▸ WORK TASK: Any picture among the records should be left out, please; retype the rest exactly.

BEGIN SOURCE INFORMATION

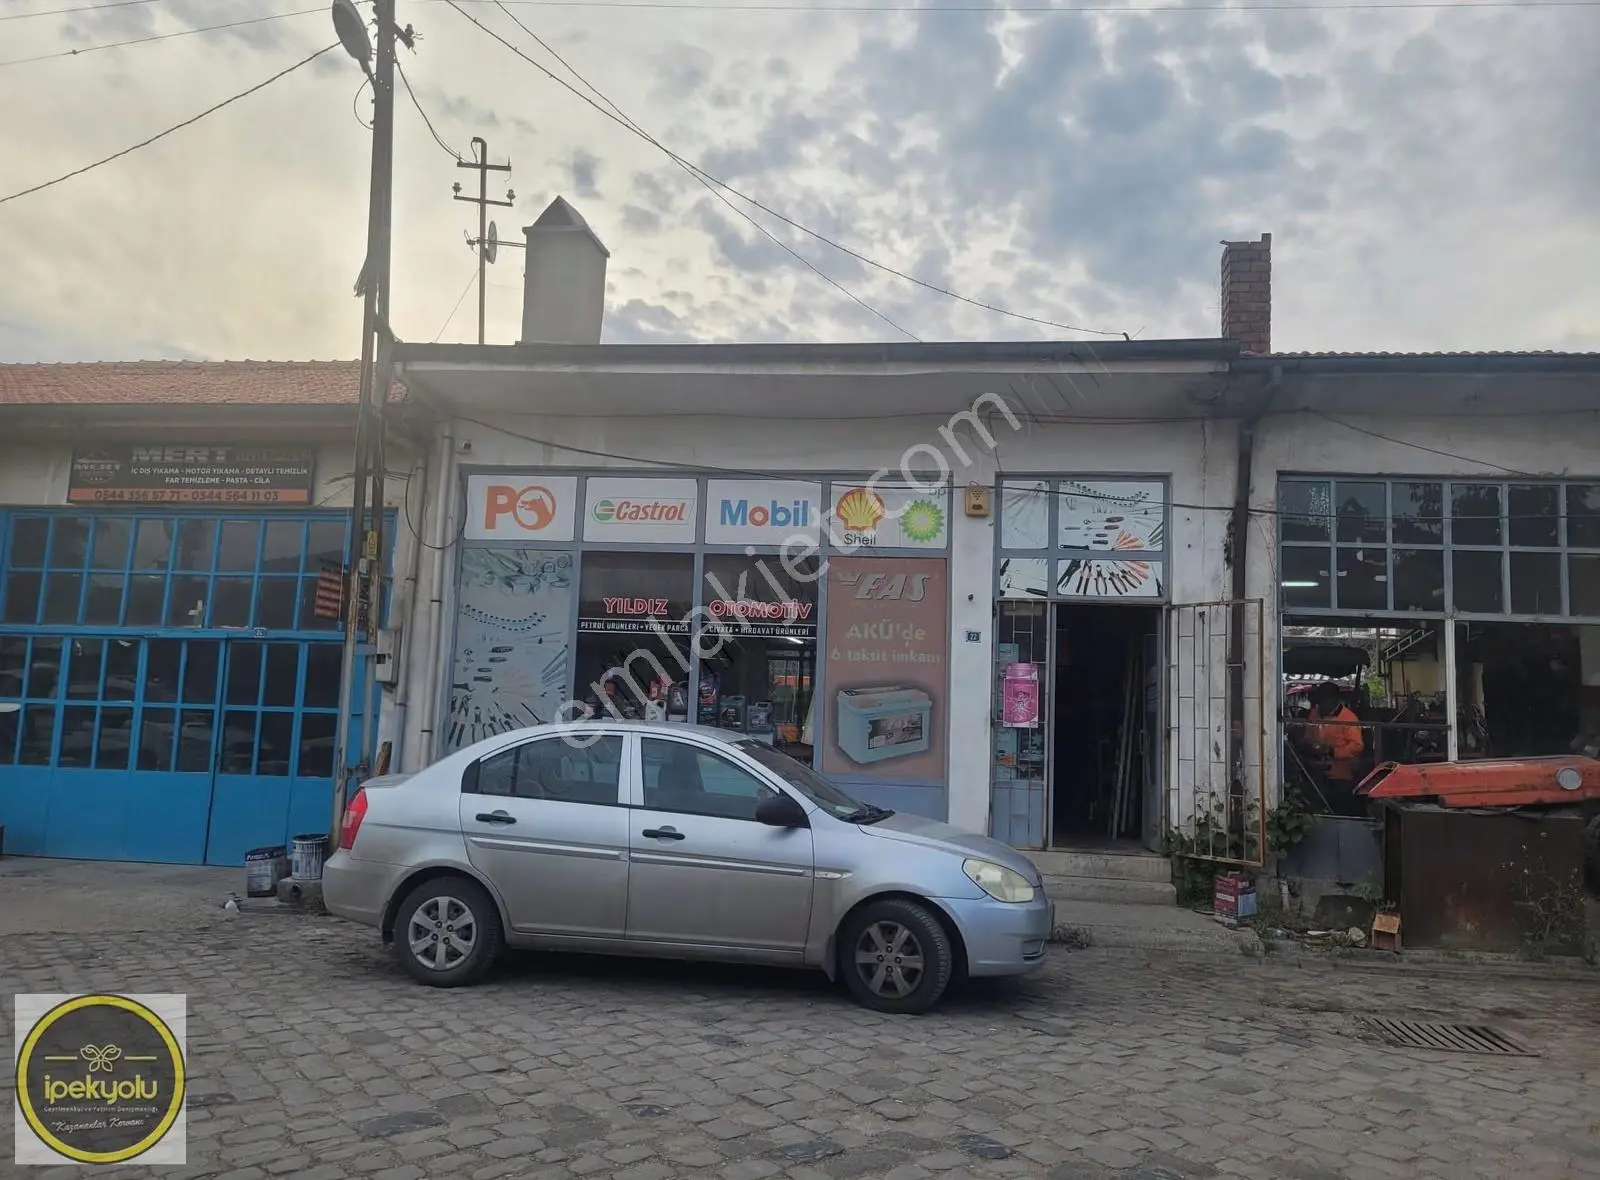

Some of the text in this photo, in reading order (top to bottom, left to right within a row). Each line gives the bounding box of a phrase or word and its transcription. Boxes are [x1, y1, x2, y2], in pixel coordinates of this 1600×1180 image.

[132, 446, 233, 462] MERT
[152, 467, 180, 475] YIKAMA
[185, 467, 212, 475] MOTOR
[213, 467, 240, 475] YIKAMA
[245, 467, 275, 475] DETAYLI
[165, 477, 180, 485] FAR
[225, 477, 248, 485] PASTA
[94, 490, 125, 500] 0544
[191, 490, 222, 500] 0544
[615, 500, 687, 521] Castrol
[720, 499, 809, 529] Mobil
[844, 533, 876, 545] Shell
[603, 597, 812, 619] YILDIZ OTOMOTİV
[580, 621, 605, 630] PETROL
[644, 623, 665, 632] YEDEK
[846, 618, 927, 641] AKÜ'de
[847, 648, 887, 662] taksit

END SOURCE INFORMATION

▸ ANSWER TO THE EXERCISE:
Some of the text in this photo, in reading order (top to bottom, left to right within a row). Each line gives the bounding box of a phrase or word and its transcription. Boxes are [x1, y1, x2, y2], in pixel coordinates of this 1600×1180 image.

[132, 446, 233, 462] MERT
[152, 467, 180, 475] YIKAMA
[185, 467, 212, 475] MOTOR
[213, 467, 240, 475] YIKAMA
[245, 467, 275, 475] DETAYLI
[165, 477, 180, 485] FAR
[225, 477, 248, 485] PASTA
[94, 490, 125, 500] 0544
[191, 490, 222, 500] 0544
[615, 500, 687, 521] Castrol
[720, 499, 809, 529] Mobil
[844, 533, 876, 545] Shell
[603, 597, 812, 619] YILDIZ OTOMOTİV
[580, 621, 605, 630] PETROL
[644, 623, 665, 632] YEDEK
[846, 618, 927, 641] AKÜ'de
[847, 648, 887, 662] taksit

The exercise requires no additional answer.